[Items listed in a dataset]
Segment Open

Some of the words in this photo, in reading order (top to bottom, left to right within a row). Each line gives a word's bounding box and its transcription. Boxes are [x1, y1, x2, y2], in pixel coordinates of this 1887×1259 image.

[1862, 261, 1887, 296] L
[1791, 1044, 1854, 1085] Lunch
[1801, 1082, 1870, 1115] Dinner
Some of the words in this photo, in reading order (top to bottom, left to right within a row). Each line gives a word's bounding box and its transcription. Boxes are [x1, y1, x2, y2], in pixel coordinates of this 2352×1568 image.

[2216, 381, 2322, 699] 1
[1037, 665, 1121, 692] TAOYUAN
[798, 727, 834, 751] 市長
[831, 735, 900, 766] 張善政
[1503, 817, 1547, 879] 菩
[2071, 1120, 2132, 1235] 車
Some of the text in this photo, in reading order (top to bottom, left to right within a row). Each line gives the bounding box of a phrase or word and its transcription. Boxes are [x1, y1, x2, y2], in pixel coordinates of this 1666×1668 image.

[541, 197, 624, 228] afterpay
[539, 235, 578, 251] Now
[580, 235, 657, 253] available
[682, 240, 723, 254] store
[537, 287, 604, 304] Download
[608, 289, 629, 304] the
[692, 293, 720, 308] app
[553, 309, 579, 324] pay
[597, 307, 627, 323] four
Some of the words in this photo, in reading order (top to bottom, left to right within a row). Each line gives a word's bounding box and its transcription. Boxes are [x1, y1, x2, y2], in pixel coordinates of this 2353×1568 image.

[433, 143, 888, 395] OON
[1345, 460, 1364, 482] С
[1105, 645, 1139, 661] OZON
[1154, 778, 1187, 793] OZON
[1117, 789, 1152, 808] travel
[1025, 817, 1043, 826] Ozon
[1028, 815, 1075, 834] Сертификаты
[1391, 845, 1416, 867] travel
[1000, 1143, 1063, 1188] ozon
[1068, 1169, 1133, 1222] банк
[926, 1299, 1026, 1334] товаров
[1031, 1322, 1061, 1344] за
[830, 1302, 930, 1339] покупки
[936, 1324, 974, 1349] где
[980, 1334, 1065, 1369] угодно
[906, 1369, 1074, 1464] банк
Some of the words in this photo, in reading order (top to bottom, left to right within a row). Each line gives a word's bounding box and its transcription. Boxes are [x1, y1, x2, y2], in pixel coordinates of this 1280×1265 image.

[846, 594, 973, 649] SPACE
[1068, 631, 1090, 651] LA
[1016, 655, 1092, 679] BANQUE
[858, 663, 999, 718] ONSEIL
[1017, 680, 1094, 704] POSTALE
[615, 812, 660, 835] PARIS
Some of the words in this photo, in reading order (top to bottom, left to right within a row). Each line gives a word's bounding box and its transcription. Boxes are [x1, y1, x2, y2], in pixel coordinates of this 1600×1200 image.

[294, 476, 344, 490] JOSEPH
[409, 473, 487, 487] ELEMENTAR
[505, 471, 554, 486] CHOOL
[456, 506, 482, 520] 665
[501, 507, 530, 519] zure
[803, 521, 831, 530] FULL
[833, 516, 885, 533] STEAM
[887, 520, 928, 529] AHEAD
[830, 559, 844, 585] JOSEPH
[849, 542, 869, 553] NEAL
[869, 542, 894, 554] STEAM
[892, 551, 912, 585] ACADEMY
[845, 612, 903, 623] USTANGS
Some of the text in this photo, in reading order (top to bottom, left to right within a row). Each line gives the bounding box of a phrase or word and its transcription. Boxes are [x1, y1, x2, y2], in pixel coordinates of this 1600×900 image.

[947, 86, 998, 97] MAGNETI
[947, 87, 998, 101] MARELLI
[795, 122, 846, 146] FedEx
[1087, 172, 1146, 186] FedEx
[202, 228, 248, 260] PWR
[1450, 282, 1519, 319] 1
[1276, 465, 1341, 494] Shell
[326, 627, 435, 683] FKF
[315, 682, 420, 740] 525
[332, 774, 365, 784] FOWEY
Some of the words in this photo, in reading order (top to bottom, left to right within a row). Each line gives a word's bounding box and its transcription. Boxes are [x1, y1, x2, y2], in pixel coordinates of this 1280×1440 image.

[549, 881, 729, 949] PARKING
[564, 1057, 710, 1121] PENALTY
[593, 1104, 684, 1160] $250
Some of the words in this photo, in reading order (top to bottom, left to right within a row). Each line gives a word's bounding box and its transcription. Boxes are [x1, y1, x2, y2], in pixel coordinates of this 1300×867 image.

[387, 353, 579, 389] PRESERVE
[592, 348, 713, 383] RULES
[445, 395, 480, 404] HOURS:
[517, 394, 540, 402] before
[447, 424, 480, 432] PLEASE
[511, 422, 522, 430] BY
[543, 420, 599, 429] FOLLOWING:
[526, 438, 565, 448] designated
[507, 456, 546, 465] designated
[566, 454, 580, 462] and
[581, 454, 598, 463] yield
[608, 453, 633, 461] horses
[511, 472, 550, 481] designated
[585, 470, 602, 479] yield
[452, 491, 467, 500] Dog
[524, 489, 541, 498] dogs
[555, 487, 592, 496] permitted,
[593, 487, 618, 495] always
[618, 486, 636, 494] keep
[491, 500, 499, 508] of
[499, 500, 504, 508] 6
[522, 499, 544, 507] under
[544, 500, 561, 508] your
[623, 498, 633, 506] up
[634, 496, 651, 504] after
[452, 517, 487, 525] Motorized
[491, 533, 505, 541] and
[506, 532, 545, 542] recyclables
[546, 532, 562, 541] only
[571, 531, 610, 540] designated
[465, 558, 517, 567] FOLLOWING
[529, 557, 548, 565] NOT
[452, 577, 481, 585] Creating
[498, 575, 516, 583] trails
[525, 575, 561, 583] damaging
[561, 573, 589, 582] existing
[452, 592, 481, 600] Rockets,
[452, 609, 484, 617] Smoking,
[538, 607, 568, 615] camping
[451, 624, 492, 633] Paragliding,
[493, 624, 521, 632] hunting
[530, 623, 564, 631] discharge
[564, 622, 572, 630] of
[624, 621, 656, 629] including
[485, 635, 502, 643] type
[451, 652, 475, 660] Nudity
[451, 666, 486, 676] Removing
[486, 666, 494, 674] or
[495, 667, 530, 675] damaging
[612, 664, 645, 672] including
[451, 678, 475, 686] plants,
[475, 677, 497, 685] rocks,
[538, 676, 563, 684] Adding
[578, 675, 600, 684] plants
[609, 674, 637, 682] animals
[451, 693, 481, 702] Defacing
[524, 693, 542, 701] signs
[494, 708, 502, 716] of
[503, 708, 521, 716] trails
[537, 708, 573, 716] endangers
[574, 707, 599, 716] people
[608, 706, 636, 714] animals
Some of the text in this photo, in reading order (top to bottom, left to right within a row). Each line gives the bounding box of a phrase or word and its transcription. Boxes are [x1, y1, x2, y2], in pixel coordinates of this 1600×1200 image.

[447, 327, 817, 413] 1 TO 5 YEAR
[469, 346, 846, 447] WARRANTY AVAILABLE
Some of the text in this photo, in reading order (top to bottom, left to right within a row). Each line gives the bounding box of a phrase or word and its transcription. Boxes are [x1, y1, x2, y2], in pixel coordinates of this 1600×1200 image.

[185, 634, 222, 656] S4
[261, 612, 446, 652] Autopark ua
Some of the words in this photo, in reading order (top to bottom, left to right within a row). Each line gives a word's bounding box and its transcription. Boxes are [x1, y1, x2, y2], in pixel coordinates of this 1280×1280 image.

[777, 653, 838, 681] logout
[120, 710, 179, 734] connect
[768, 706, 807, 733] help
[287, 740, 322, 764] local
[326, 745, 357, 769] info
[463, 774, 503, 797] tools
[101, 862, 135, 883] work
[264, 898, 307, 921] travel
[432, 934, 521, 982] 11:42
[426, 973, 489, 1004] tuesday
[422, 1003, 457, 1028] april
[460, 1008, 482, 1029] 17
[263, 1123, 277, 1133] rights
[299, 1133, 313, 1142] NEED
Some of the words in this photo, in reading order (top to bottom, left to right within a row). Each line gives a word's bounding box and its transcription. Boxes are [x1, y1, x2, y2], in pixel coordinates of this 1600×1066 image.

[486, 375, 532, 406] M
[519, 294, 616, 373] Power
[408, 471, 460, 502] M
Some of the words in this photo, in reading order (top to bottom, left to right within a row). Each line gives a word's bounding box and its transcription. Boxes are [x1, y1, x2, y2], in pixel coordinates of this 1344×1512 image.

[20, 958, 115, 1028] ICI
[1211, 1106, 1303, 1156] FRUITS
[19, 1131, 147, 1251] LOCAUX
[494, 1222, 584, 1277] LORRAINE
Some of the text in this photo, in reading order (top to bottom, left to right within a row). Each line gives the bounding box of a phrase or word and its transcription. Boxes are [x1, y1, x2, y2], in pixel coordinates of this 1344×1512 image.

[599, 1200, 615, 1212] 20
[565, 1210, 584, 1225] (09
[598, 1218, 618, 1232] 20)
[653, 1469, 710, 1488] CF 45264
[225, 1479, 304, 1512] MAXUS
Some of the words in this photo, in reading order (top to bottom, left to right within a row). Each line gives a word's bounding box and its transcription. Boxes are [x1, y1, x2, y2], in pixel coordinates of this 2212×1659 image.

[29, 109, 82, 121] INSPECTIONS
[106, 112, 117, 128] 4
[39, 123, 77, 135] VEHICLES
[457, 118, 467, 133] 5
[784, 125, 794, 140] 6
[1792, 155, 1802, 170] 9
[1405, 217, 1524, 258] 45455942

Segment Closed

(Task directions): Write the lines out verbatim, from the one with "this 1600×1066 image." through the last line of the entries, and stop there.

(Task response):
Some of the words in this photo, in reading order (top to bottom, left to right within a row). Each line gives a word's bounding box and its transcription. Boxes are [x1, y1, x2, y2], in pixel coordinates of this 1600×1066 image.

[486, 375, 532, 406] M
[519, 294, 616, 373] Power
[408, 471, 460, 502] M
Some of the words in this photo, in reading order (top to bottom, left to right within a row). Each line gives a word's bounding box and its transcription. Boxes are [x1, y1, x2, y2], in pixel coordinates of this 1344×1512 image.

[20, 958, 115, 1028] ICI
[1211, 1106, 1303, 1156] FRUITS
[19, 1131, 147, 1251] LOCAUX
[494, 1222, 584, 1277] LORRAINE
Some of the text in this photo, in reading order (top to bottom, left to right within a row). Each line gives the bounding box of a phrase or word and its transcription. Boxes are [x1, y1, x2, y2], in pixel coordinates of this 1344×1512 image.

[599, 1200, 615, 1212] 20
[565, 1210, 584, 1225] (09
[598, 1218, 618, 1232] 20)
[653, 1469, 710, 1488] CF 45264
[225, 1479, 304, 1512] MAXUS
Some of the words in this photo, in reading order (top to bottom, left to right within a row). Each line gives a word's bounding box and its transcription. Boxes are [x1, y1, x2, y2], in pixel coordinates of this 2212×1659 image.

[29, 109, 82, 121] INSPECTIONS
[106, 112, 117, 128] 4
[39, 123, 77, 135] VEHICLES
[457, 118, 467, 133] 5
[784, 125, 794, 140] 6
[1792, 155, 1802, 170] 9
[1405, 217, 1524, 258] 45455942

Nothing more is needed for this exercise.